• **WHAT YOU WILL DO**:
The pictures do not belong in the copy. Restate all of the records word for word.
GIVEN ENTRIES START
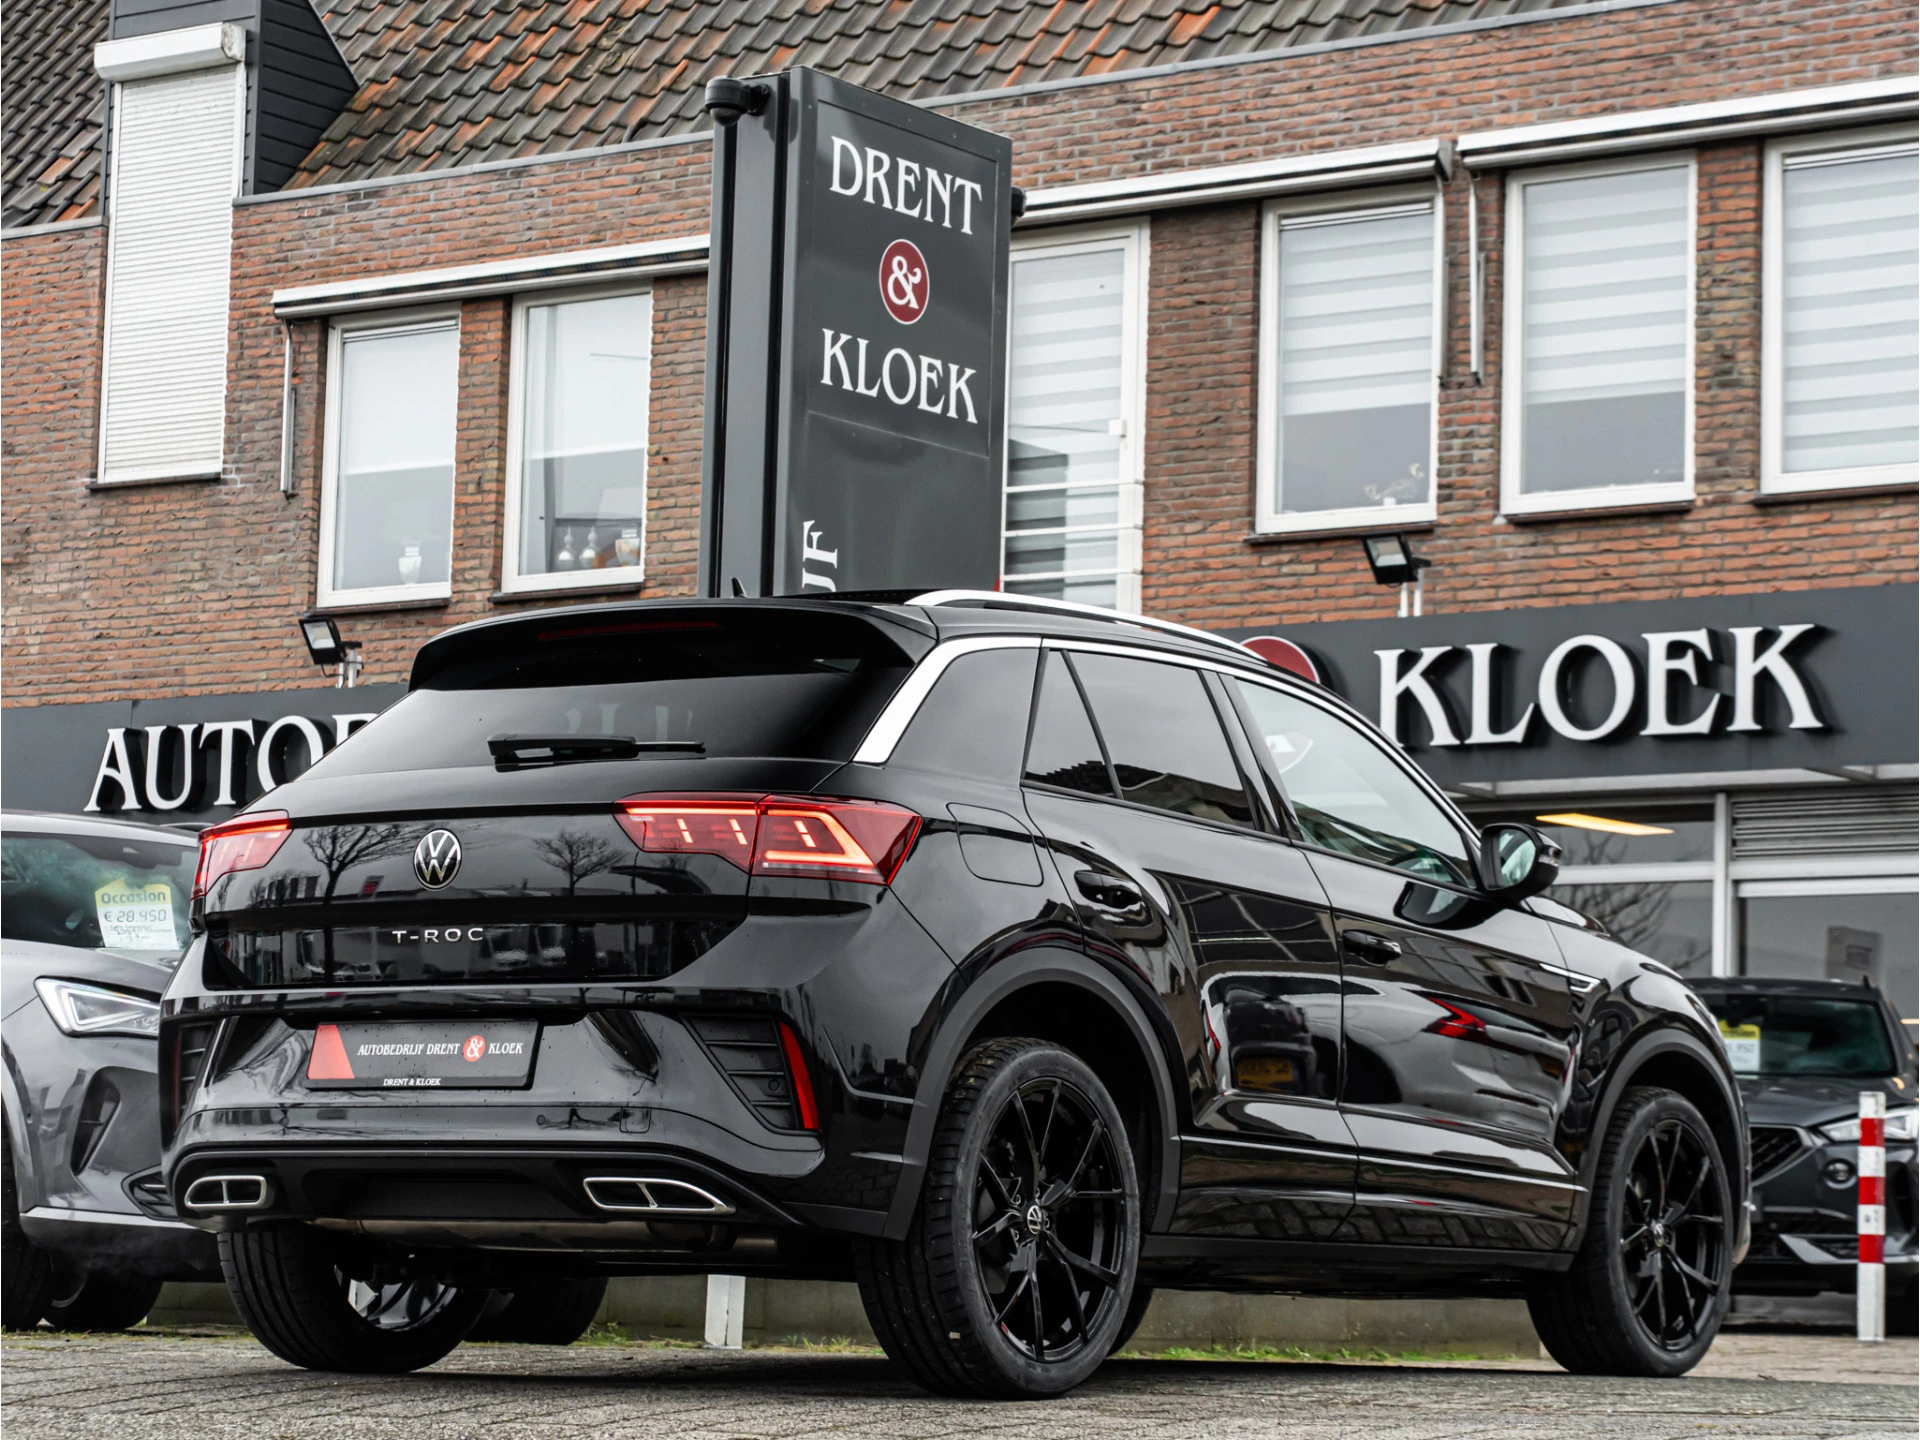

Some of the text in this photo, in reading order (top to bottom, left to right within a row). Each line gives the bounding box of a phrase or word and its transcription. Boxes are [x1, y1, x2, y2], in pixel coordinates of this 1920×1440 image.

[829, 135, 983, 236] DRENT
[887, 255, 922, 310] &
[820, 327, 979, 425] KLOEK
[1373, 623, 1824, 747] KLOEK
[100, 891, 167, 905] Occasion
[116, 909, 167, 923] 28.450
[391, 927, 484, 944] T-ROC
[357, 1037, 523, 1058] AUTOBEDRIJF DRENT & KLOEK
[383, 1077, 441, 1086] DRENT & KLOEK
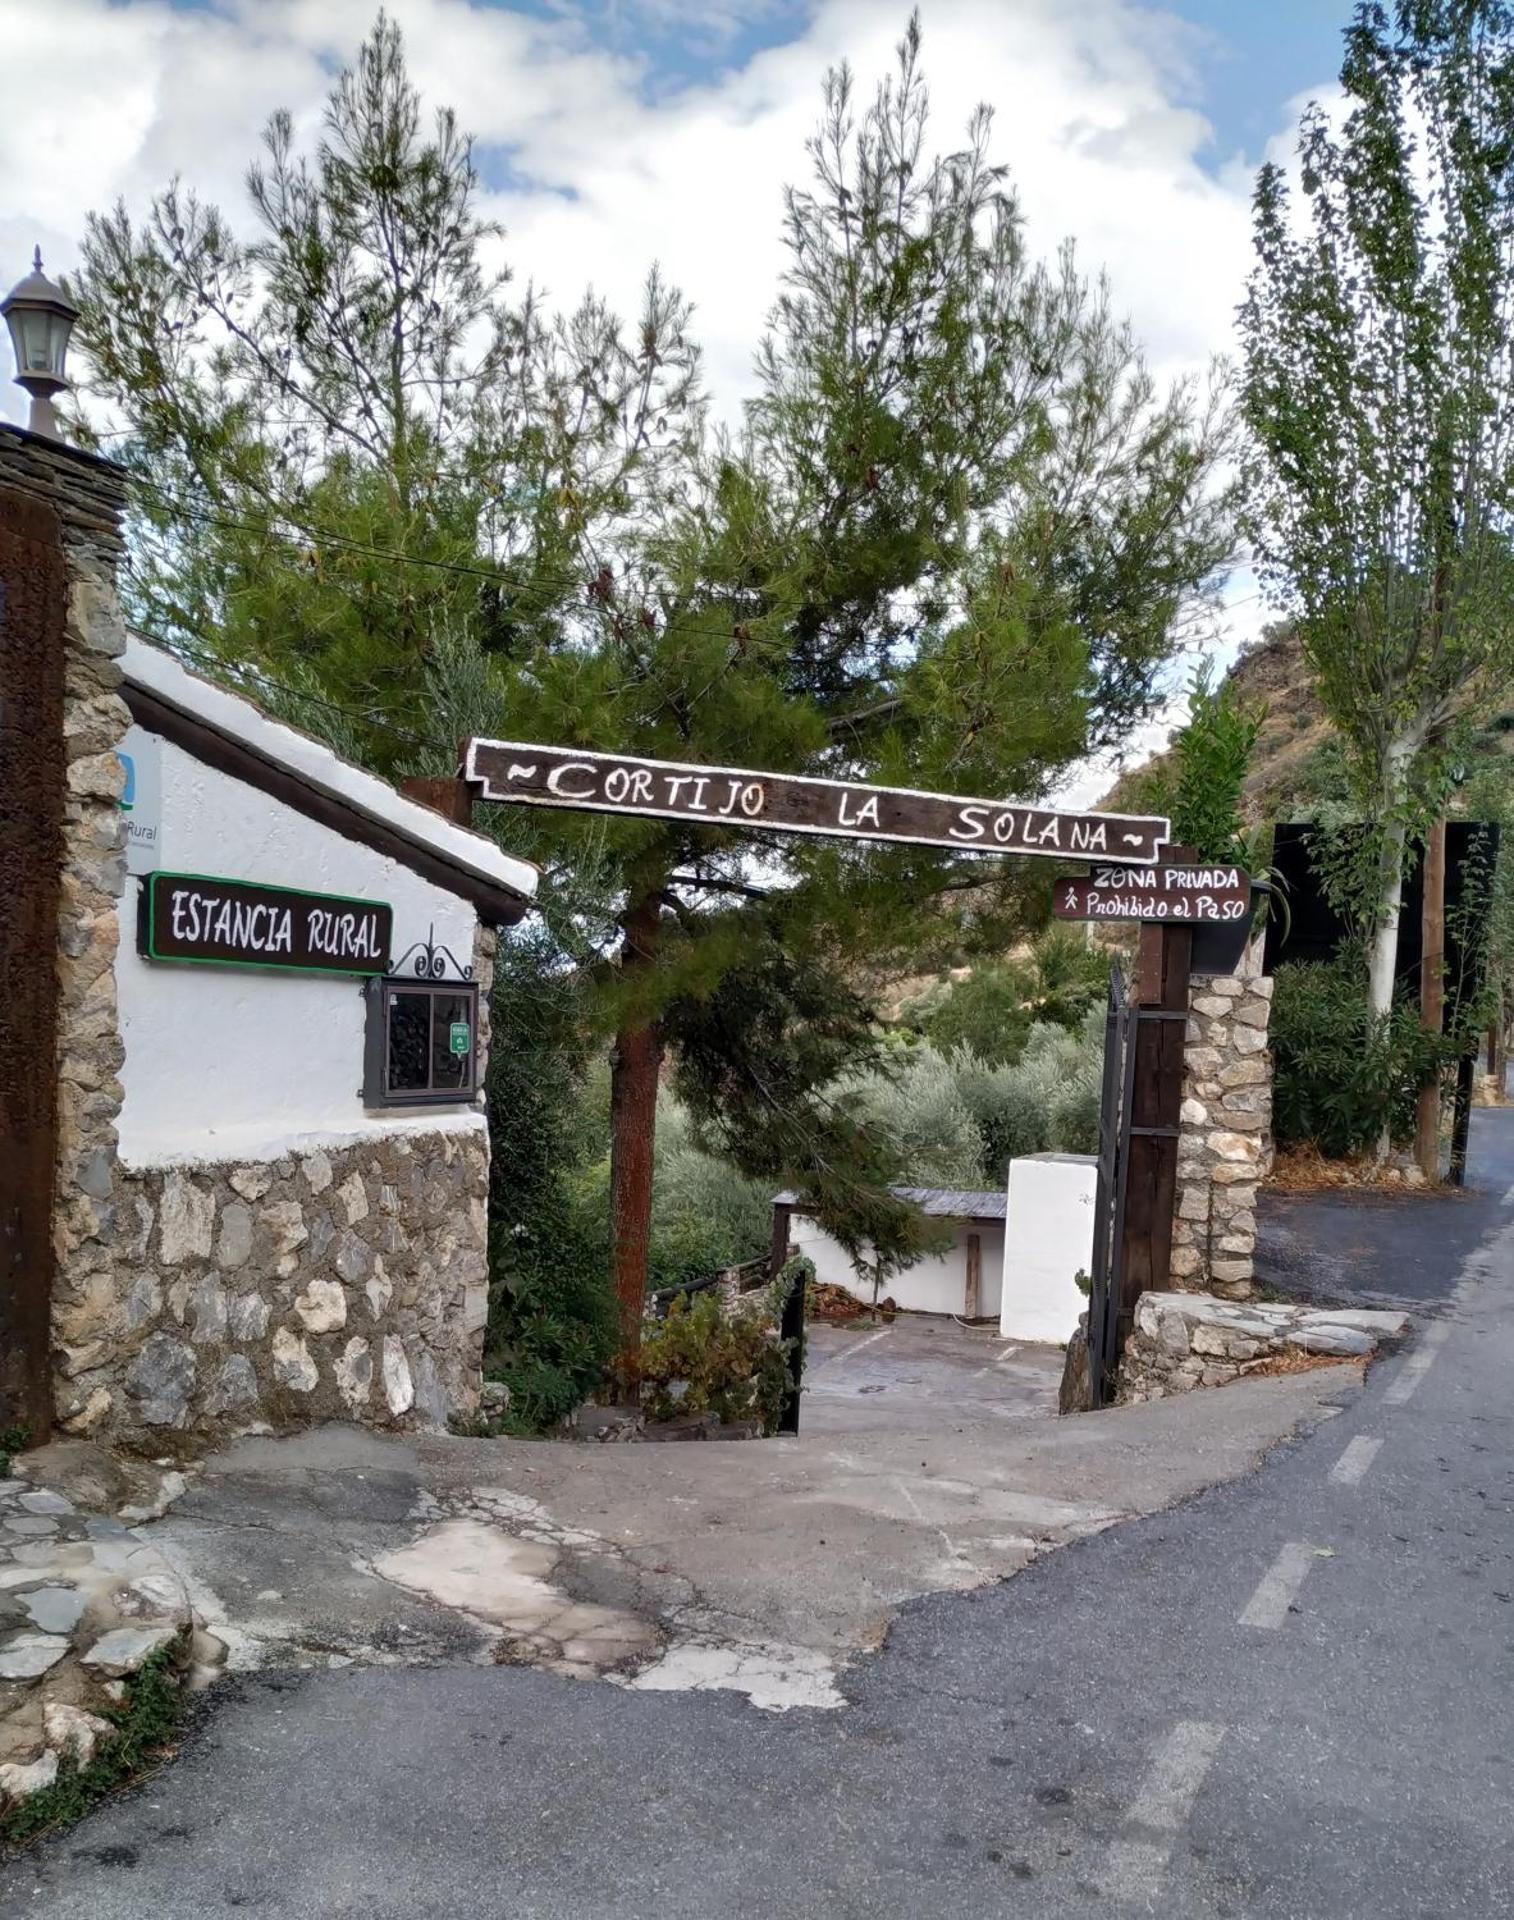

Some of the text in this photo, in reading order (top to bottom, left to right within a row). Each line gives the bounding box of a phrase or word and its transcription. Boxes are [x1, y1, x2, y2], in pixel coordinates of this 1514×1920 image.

[547, 763, 1108, 851] CORTIJO LA SOLANA
[127, 820, 157, 840] Rural
[1094, 867, 1157, 889] ZONA
[1086, 892, 1168, 918] Prohibido
[1173, 897, 1192, 918] el
[171, 890, 382, 958] ESTANCIA RURAL
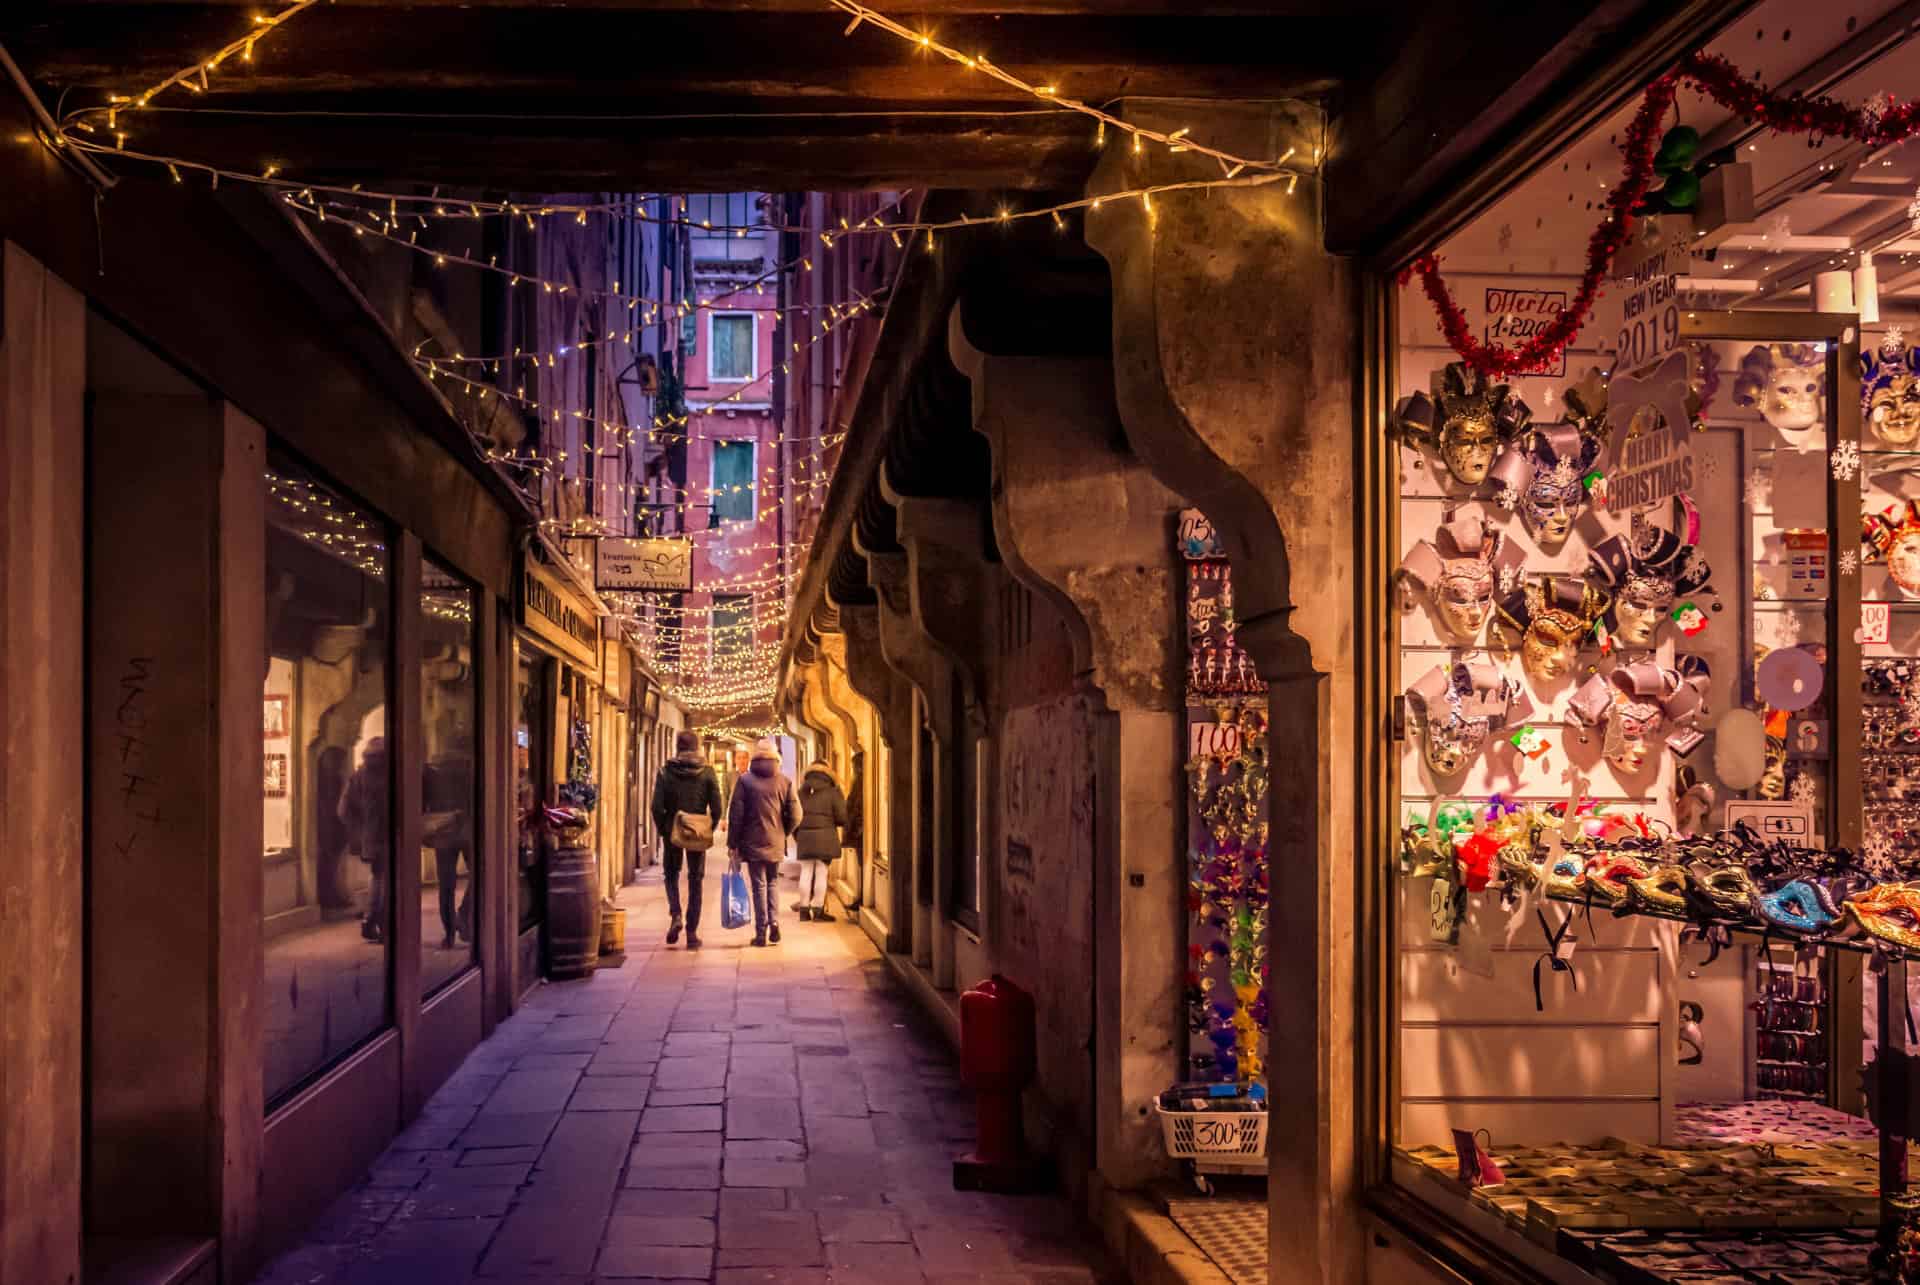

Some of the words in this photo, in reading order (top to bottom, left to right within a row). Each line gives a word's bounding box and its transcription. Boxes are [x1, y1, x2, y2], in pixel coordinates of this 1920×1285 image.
GIVEN ENTRIES END
• **FINAL ANSWER**:
Some of the text in this photo, in reading order (top to bottom, left to right within a row). Each line gives the bounding box of a phrase or word and its transcription. Boxes are [x1, y1, x2, y2], in pixel coordinates of this 1920×1440 image.

[829, 135, 983, 236] DRENT
[887, 255, 922, 310] &
[820, 327, 979, 425] KLOEK
[1373, 623, 1824, 747] KLOEK
[100, 891, 167, 905] Occasion
[116, 909, 167, 923] 28.450
[391, 927, 484, 944] T-ROC
[357, 1037, 523, 1058] AUTOBEDRIJF DRENT & KLOEK
[383, 1077, 441, 1086] DRENT & KLOEK

Some of the text in this photo, in reading order (top to bottom, left to right within a row). Each line gives the bounding box of a phrase or word and its transcription. Boxes are [x1, y1, x2, y2], in pixel coordinates of this 1514×1920 image.

[547, 763, 1108, 851] CORTIJO LA SOLANA
[127, 820, 157, 840] Rural
[1094, 867, 1157, 889] ZONA
[1086, 892, 1168, 918] Prohibido
[1173, 897, 1192, 918] el
[171, 890, 382, 958] ESTANCIA RURAL

Some of the words in this photo, in reading order (top to bottom, left to right within a row). Each line gives a word's bounding box and its transcription. Boxes are [x1, y1, x2, y2], in pixel coordinates of this 1920×1285 image.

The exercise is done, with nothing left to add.